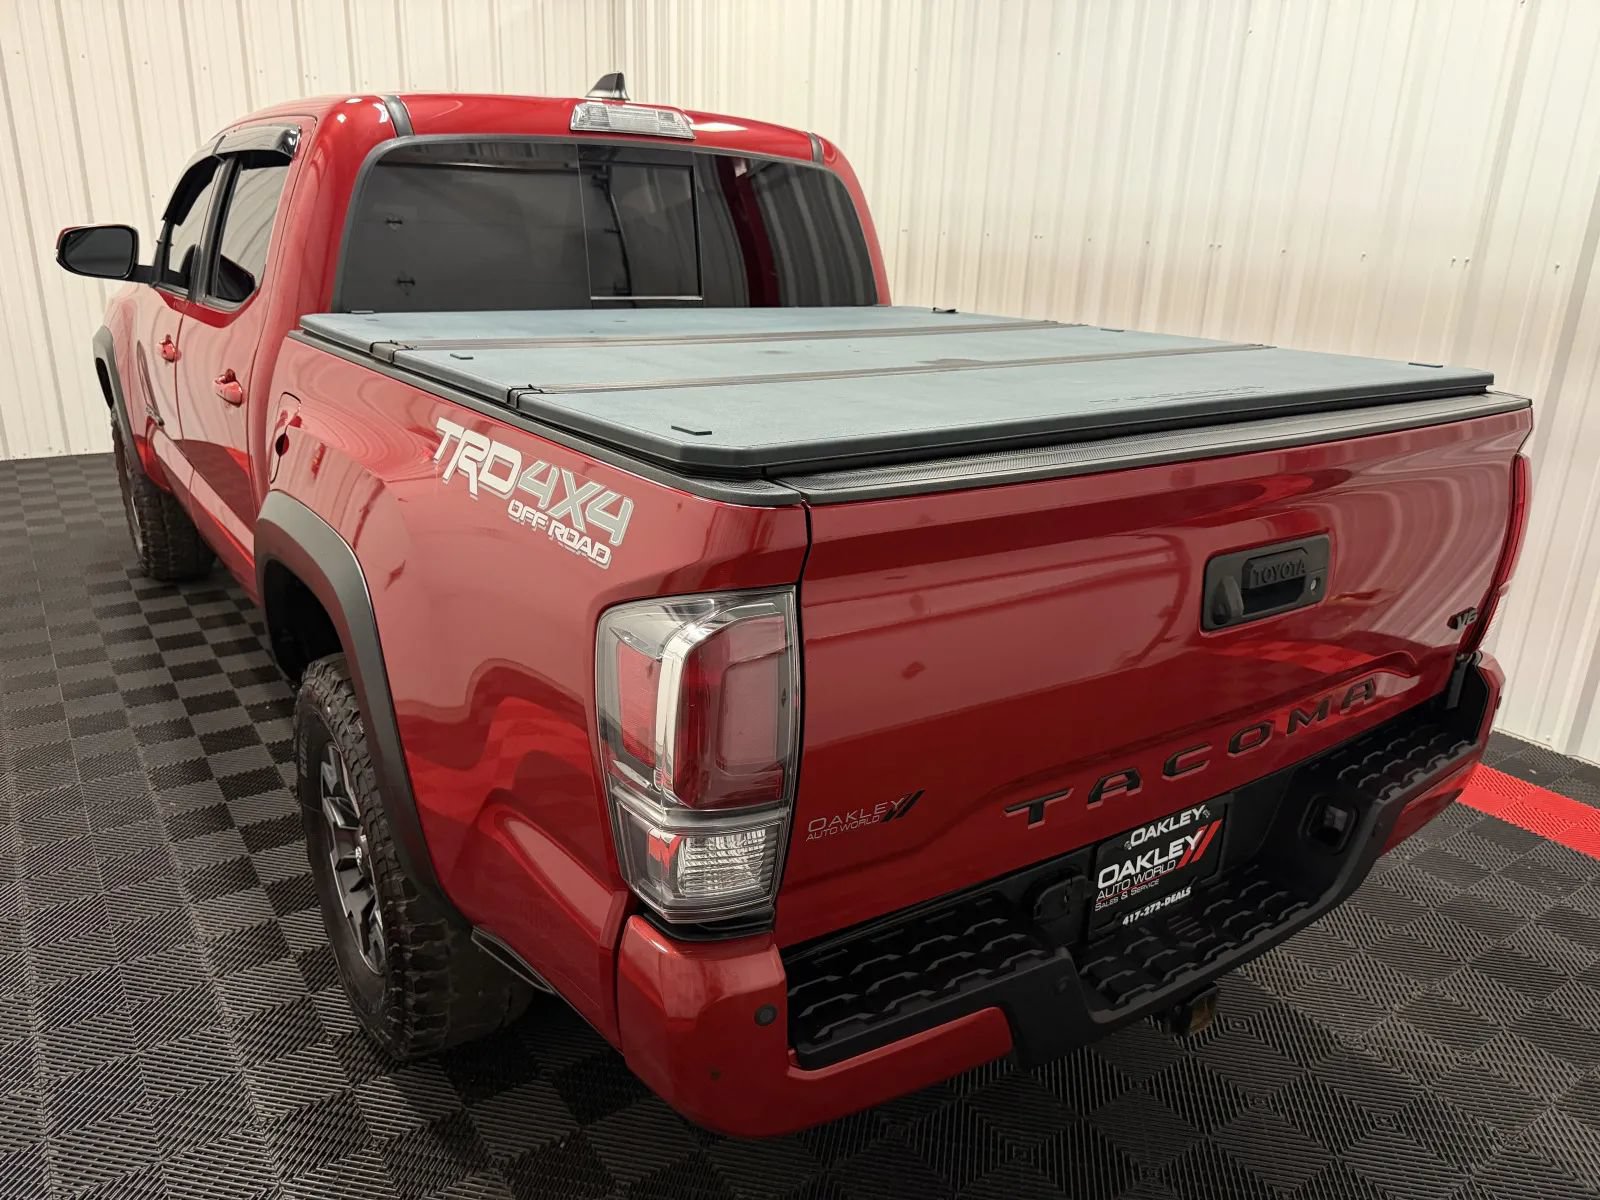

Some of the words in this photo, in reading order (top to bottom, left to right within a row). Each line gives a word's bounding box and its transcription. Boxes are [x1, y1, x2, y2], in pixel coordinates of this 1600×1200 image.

[433, 417, 522, 499] TRD
[517, 460, 634, 546] 4X4
[507, 499, 550, 532] OFF
[546, 519, 614, 570] ROAD
[1252, 559, 1306, 584] TOYOTA
[1003, 676, 1377, 830] TACOMA
[805, 826, 839, 842] AUTO
[840, 815, 880, 832] WORLD
[807, 797, 905, 833] OAKLEY
[1130, 804, 1206, 847] OAKLEY
[1096, 878, 1130, 902] AUTO
[1133, 859, 1177, 886] WORLD
[1097, 830, 1203, 888] OAKLEY
[1120, 892, 1129, 901] &
[1122, 886, 1192, 926] 417-272-DEALS

┄┄┄┄┄┄┄┄┄┄┄┄┄┄┄┄┄┄┄┄

Work request. Copy the data exactly. Pictures do not belong in the copy.

Exercise response.
Some of the words in this photo, in reading order (top to bottom, left to right within a row). Each line gives a word's bounding box and its transcription. Boxes are [x1, y1, x2, y2], in pixel coordinates of this 1600×1200 image.

[433, 417, 522, 499] TRD
[517, 460, 634, 546] 4X4
[507, 499, 550, 532] OFF
[546, 519, 614, 570] ROAD
[1252, 559, 1306, 584] TOYOTA
[1003, 676, 1377, 830] TACOMA
[805, 826, 839, 842] AUTO
[840, 815, 880, 832] WORLD
[807, 797, 905, 833] OAKLEY
[1130, 804, 1206, 847] OAKLEY
[1096, 878, 1130, 902] AUTO
[1133, 859, 1177, 886] WORLD
[1097, 830, 1203, 888] OAKLEY
[1120, 892, 1129, 901] &
[1122, 886, 1192, 926] 417-272-DEALS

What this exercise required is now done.